Meta-universo é uma palavra na moda. Mas eu duvido que os não-sei-quantos-agora-milhões de secondlifeanos saibam o que ela significa. Se soubessem, iriam descobrir que são totalmente megalomaníacos: além de se autodenominarem divindades descidas à Terra (é o que quer dizer "avatar"), acreditam também viver em um lugar maior que o nosso universo, essa minúscula bolinha de gude perdida no espaço. Vejamos, pois: universo, conforme uma das definições do Aurélio, é o "conjunto de tudo quanto existe". Meta-universo é a reunião de vários universos e que pressupõe, portanto, a existência de universos paralelos. Um sinônimo para meta-universo é multiverso.

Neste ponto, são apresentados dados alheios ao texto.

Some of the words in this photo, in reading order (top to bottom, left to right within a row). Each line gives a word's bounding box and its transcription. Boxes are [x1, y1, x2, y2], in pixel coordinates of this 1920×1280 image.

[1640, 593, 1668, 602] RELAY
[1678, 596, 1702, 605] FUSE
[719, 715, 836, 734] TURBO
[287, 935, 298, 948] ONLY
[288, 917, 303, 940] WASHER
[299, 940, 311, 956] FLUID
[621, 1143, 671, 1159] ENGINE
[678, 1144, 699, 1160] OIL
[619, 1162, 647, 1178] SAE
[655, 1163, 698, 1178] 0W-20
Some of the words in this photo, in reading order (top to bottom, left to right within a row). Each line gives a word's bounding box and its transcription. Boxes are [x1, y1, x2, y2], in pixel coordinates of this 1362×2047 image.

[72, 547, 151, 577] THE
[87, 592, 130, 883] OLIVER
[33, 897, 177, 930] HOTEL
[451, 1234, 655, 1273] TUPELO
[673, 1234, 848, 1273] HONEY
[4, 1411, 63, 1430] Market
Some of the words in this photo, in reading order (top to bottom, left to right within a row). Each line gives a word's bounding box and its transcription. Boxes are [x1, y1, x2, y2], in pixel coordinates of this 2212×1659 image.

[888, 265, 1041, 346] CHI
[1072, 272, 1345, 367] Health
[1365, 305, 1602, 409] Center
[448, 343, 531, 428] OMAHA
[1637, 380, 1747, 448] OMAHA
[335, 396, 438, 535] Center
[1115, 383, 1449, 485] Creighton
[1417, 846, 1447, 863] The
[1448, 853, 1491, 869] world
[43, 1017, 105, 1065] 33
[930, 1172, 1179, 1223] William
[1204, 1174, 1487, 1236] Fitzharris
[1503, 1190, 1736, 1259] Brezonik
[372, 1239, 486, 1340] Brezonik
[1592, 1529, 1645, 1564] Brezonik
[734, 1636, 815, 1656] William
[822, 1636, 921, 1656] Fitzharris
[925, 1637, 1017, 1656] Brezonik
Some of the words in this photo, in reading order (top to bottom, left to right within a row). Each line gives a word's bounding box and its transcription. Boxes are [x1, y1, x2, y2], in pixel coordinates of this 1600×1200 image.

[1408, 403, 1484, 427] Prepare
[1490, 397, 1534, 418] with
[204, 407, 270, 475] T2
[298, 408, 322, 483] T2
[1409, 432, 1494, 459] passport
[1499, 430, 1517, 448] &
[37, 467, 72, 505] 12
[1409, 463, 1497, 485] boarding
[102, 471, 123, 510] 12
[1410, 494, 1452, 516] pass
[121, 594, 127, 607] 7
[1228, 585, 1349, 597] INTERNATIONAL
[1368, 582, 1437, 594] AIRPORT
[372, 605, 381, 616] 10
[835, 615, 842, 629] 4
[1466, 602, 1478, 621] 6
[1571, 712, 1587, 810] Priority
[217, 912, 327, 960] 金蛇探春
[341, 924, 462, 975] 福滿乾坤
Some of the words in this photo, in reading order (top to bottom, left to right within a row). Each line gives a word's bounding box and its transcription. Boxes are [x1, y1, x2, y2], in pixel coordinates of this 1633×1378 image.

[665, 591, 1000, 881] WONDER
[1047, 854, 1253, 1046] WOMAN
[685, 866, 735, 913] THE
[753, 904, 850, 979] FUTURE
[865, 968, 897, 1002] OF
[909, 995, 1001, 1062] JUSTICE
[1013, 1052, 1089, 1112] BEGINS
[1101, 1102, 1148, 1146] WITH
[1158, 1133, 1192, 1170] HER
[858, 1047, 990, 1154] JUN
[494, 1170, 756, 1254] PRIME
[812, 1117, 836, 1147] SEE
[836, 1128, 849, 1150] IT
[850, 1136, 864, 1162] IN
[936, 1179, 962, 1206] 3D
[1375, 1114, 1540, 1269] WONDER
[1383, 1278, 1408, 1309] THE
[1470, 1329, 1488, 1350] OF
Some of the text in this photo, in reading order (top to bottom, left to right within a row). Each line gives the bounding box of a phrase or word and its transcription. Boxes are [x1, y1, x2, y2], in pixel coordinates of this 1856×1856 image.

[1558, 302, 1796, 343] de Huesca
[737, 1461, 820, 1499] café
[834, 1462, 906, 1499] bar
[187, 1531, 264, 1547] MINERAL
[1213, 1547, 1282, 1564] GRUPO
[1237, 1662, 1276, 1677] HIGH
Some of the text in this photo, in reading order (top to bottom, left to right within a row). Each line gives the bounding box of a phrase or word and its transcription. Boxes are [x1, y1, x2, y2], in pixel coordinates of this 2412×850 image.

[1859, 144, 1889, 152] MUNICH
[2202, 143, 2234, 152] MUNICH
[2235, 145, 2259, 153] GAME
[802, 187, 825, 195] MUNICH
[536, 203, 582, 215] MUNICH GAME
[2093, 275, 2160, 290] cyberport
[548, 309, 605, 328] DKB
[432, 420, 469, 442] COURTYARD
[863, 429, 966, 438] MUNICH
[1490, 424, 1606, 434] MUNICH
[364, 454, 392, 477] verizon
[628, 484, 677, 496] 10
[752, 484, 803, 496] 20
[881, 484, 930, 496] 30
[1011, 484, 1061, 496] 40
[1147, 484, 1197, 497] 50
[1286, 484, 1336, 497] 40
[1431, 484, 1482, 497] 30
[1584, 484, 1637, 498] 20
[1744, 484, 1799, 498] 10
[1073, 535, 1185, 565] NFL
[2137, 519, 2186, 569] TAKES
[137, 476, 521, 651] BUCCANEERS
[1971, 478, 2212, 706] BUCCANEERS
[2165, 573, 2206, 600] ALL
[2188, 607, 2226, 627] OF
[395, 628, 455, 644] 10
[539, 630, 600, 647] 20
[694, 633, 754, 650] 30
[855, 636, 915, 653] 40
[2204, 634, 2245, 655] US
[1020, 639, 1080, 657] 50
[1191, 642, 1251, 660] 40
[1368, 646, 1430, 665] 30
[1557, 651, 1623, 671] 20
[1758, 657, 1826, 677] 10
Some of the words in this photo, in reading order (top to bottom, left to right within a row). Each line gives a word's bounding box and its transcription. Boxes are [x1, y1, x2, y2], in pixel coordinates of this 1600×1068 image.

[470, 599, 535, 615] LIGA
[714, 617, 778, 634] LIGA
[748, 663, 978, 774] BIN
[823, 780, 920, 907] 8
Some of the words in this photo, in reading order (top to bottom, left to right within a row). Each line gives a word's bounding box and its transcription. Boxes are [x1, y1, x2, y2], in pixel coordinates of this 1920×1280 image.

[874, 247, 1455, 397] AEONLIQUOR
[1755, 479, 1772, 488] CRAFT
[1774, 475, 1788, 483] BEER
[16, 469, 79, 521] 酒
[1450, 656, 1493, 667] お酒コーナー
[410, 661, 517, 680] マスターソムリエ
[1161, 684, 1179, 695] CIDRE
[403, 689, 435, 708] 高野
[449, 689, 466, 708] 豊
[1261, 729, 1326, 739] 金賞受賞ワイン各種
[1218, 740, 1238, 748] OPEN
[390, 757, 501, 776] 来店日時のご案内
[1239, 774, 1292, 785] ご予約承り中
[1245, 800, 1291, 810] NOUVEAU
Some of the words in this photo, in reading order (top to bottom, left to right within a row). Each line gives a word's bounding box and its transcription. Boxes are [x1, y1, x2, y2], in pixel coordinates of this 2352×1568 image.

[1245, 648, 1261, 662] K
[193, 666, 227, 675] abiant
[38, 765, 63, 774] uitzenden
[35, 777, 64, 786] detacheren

Eu não sou dada a muitas ciências, não sei até hoje como passei em provas de física no colégio. Mas o fato é que me peguei desenvolvendo minha própria teoria de universos paralelos. A pergunta inicial para formulá-la foi: coexistir no mesmo espaço físico significa pertencer ao mesmo universo? A minha opinião é que não. Para mim, os universos paralelos existem sim, aqui e agora. Não é preciso ir ao Second Life para conhecê-los e nem viajar milhões e milhões de anos-luz no espaço.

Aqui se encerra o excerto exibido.